For the most part they were unobtrusive, almost invisible—our occupying power. Their day-to-day life carried on behind closed doors, as if someone were trying to shield them from us, or maybe us from them. They lived a hidden life in the barracks, behind the crooked fences and walls that were made impenetrable by skeins of barbed wire, like a hedge of rose thorns. But anyway, who would have dared try to climb over, who would have had the courage to infiltrate the forbidden zone on the other side? Not even we children were brave enough to give each other a leg up over the wall, though our knees were sometimes itching to.

It wasn’t hard to imagine what it was like behind the walls—over there with the Ivans—as people called them ironically behind their backs. Or the Russians, as was said, though still sotto voce, since the word was strange and chauvinistic too—and we all knew it. But talking about Soviets wasn’t the answer either. Those who used the phrase on official occasions or at school felt immediately that there was something embarrassing, something not quite right about the hypocritical turn of phrase. The problem was that there was no suitable designation for these strangers in our country. Everyone knew that they were one of the victorious occupying powers at the end of the Second World War; their dominance in our country was such a dirty open secret that no one dared say it out loud. Our own country: nothing but a Soviet satrapy? An idea scarcely to be admitted, even in a dream. Instead, one put on a diplomatic face, mumbled some desultory words about friendship between peoples, and every so often, on high feasts and holidays, spoke with due pathos about our Soviet brothers.

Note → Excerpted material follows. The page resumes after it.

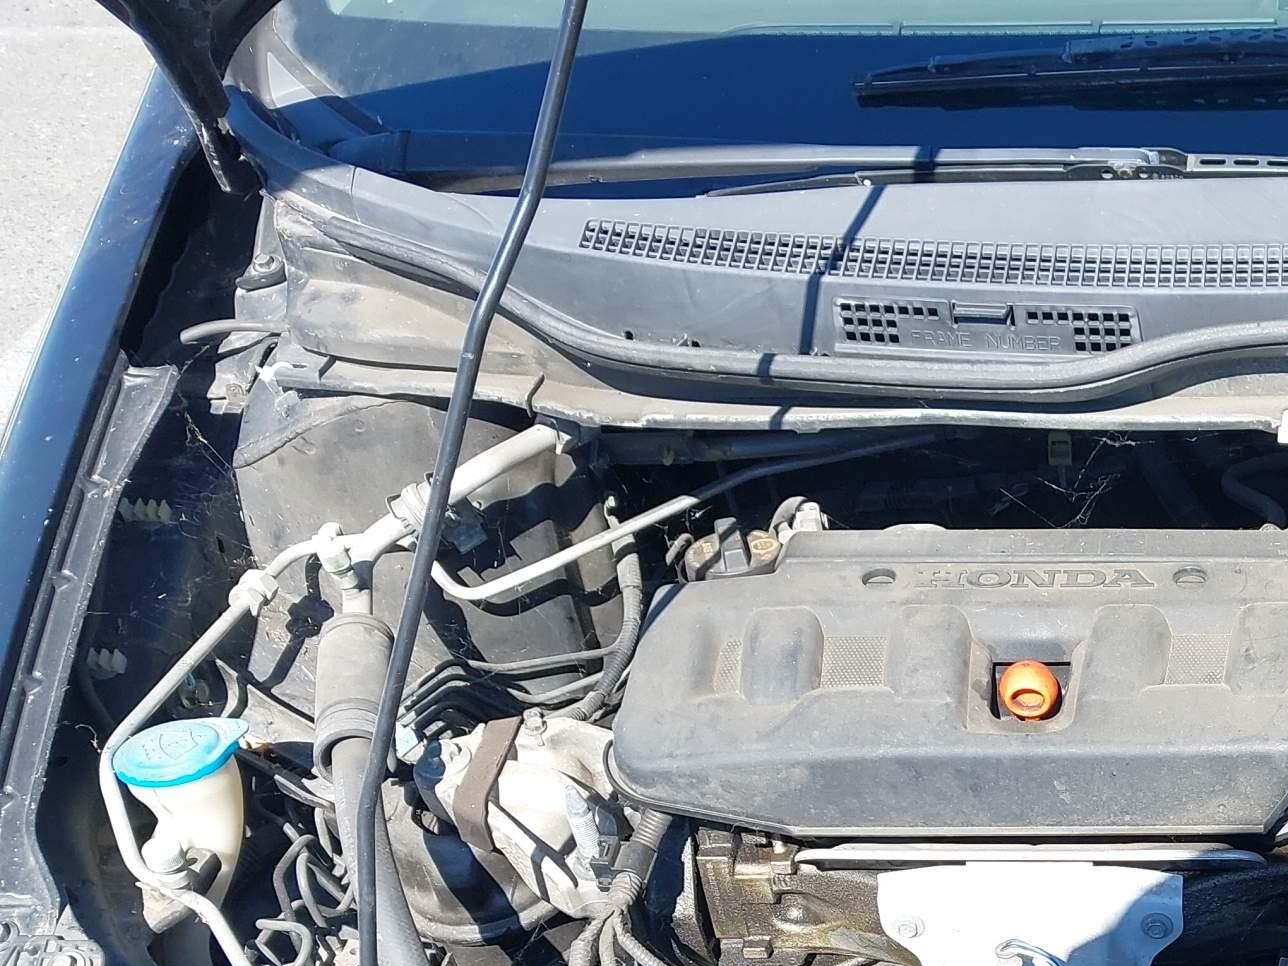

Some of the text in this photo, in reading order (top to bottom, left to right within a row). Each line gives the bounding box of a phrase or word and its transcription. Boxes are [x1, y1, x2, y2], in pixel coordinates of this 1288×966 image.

[911, 329, 1062, 352] FRAME NUMBER
[914, 567, 1156, 589] HONDA
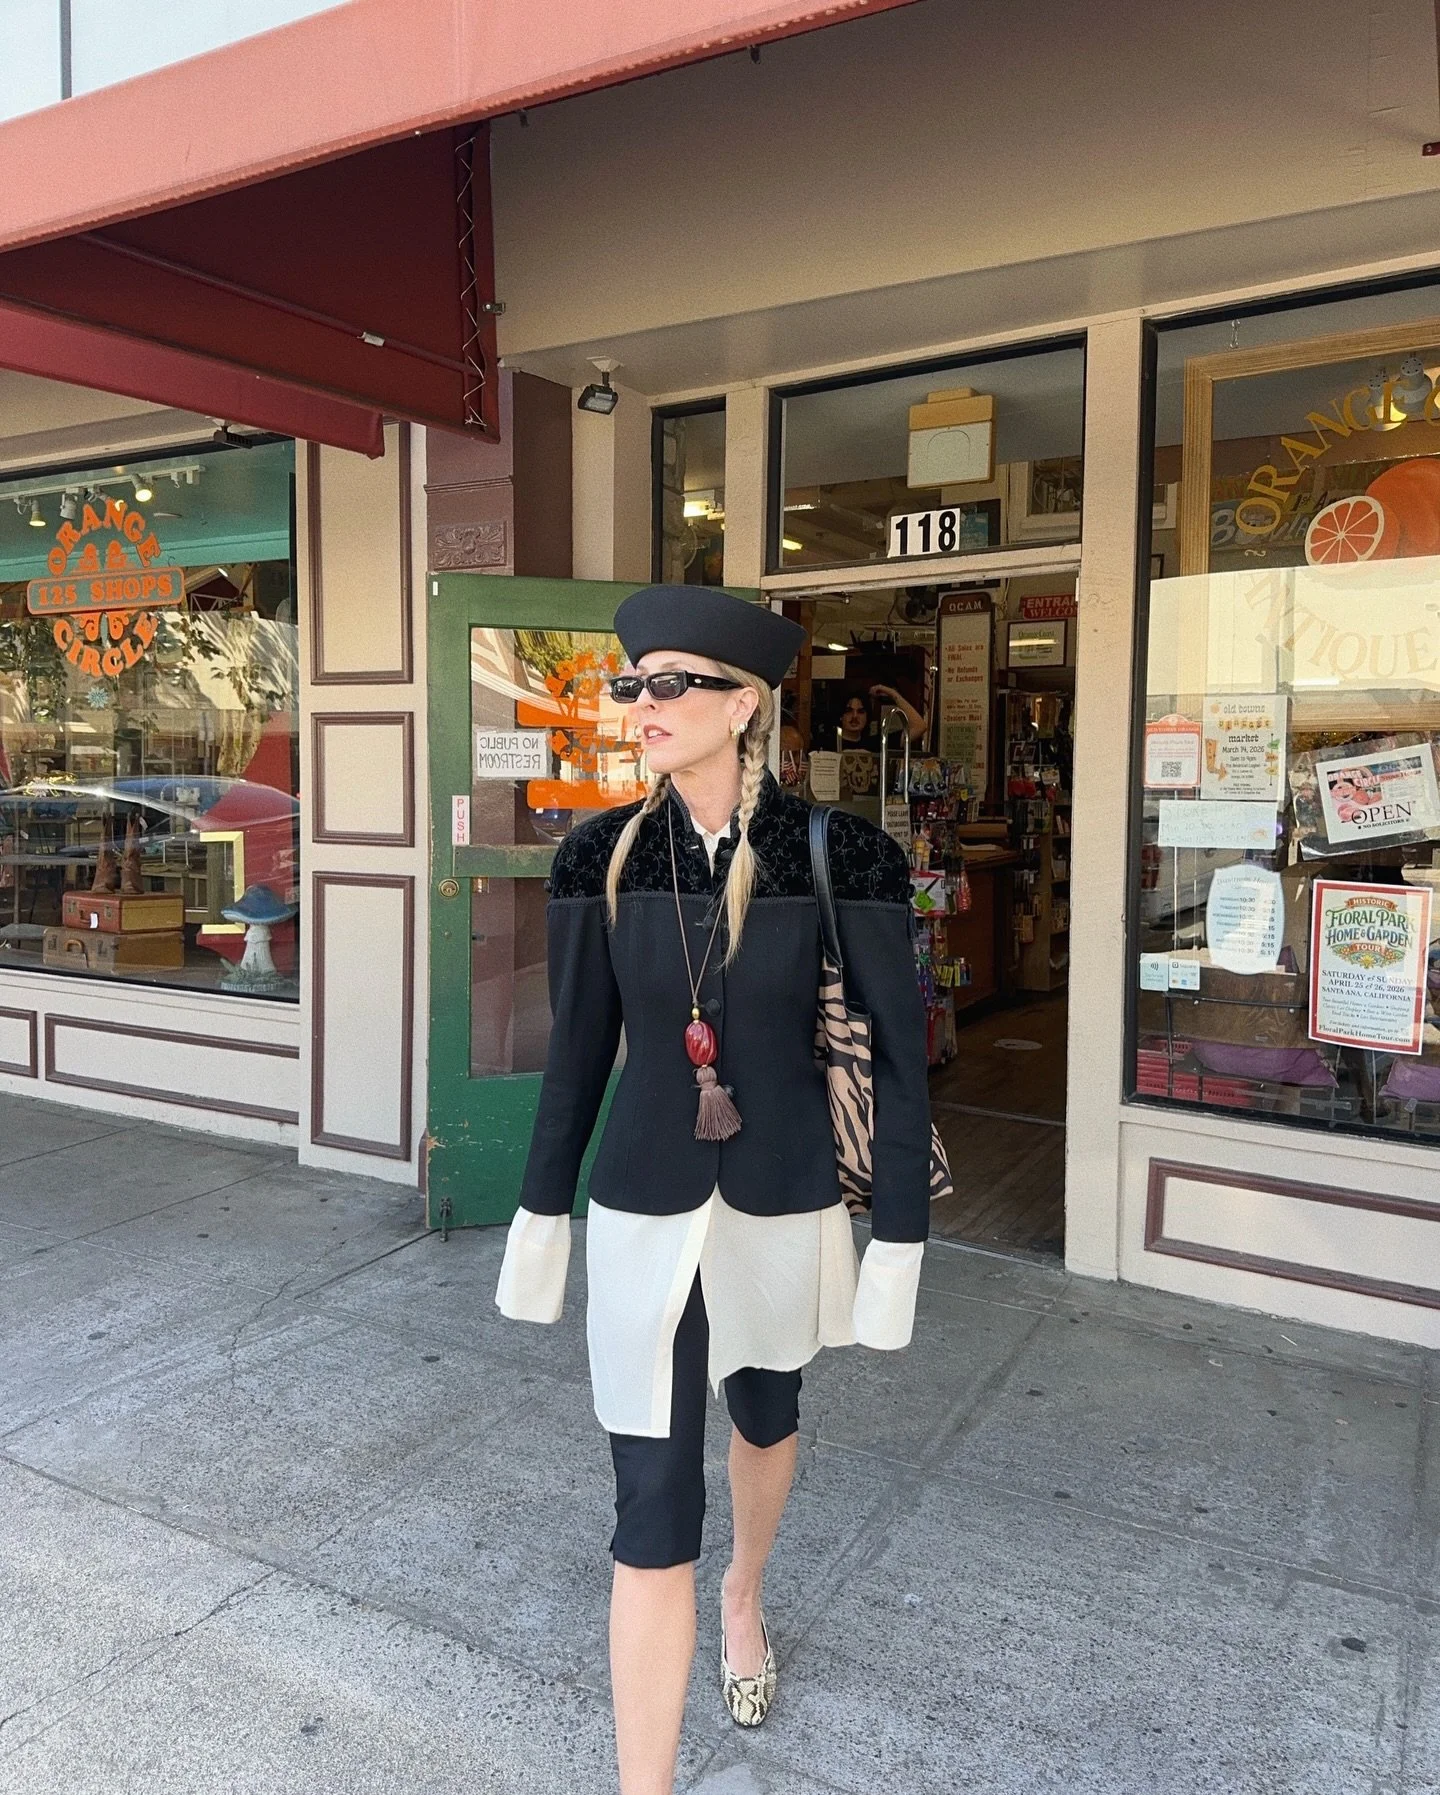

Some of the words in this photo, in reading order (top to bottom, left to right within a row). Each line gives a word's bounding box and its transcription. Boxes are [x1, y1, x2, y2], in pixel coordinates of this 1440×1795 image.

This kind of comradeship—the sort acted out at parades rather than genuinely felt—was in the spirit of Lenin. Right at the start of the revolution Lenin had made internationalism the duty of every enlightened communist. It was his successor who was forced to change direction and restrict it to the Motherland—because the rest of the world was lagging hopelessly behind. There was a second chance after victory over Germany, the “deadly foe” or, for the time being at least, “necessary ally.” But this was also a chance to pick up again where they had been forced to give up the previous time, owing to lack of enthusiasm on the part of the German working class. This time they wanted to export the Bolshevist order, completely and without illusion, and build on the collapse that made the idealism of its participants superfluous. A few marks scribbled on a map of Europe at the Yalta conference decided in which zone of influence the people of the defeated nation would live from now on and who [End Page 112] were the new masters in this fragmented land.

And so one day, shortly after the end of the War, the Russians entered Dresden. They took over the old complex of barracks to the north of the city, set up an exercise area on the Heller heath, distributed themselves among various quarters and official buildings throughout the various districts of the city, and were there to stay. Soon it was as if they had always been there. They belonged to the city like the women trailing home with their shopping bags at teatime, the red coaches of the Tatra trams, and the trash bins made of gunned concrete. Only later, long after the troops had been withdrawn from the eastern part of Germany, did it become apparent how rarely one of their soldiers was to be seen on the postcards of the period. Their day-to-day activities never even got a mention in the local section of the newspaper. They remained a foreign tribe among the Germans. It was, with them, the same as with certain neighbors who never become more than strangers even though we see them every day. They always presented an exotic sight, mostly turning up in small groups, uniformed...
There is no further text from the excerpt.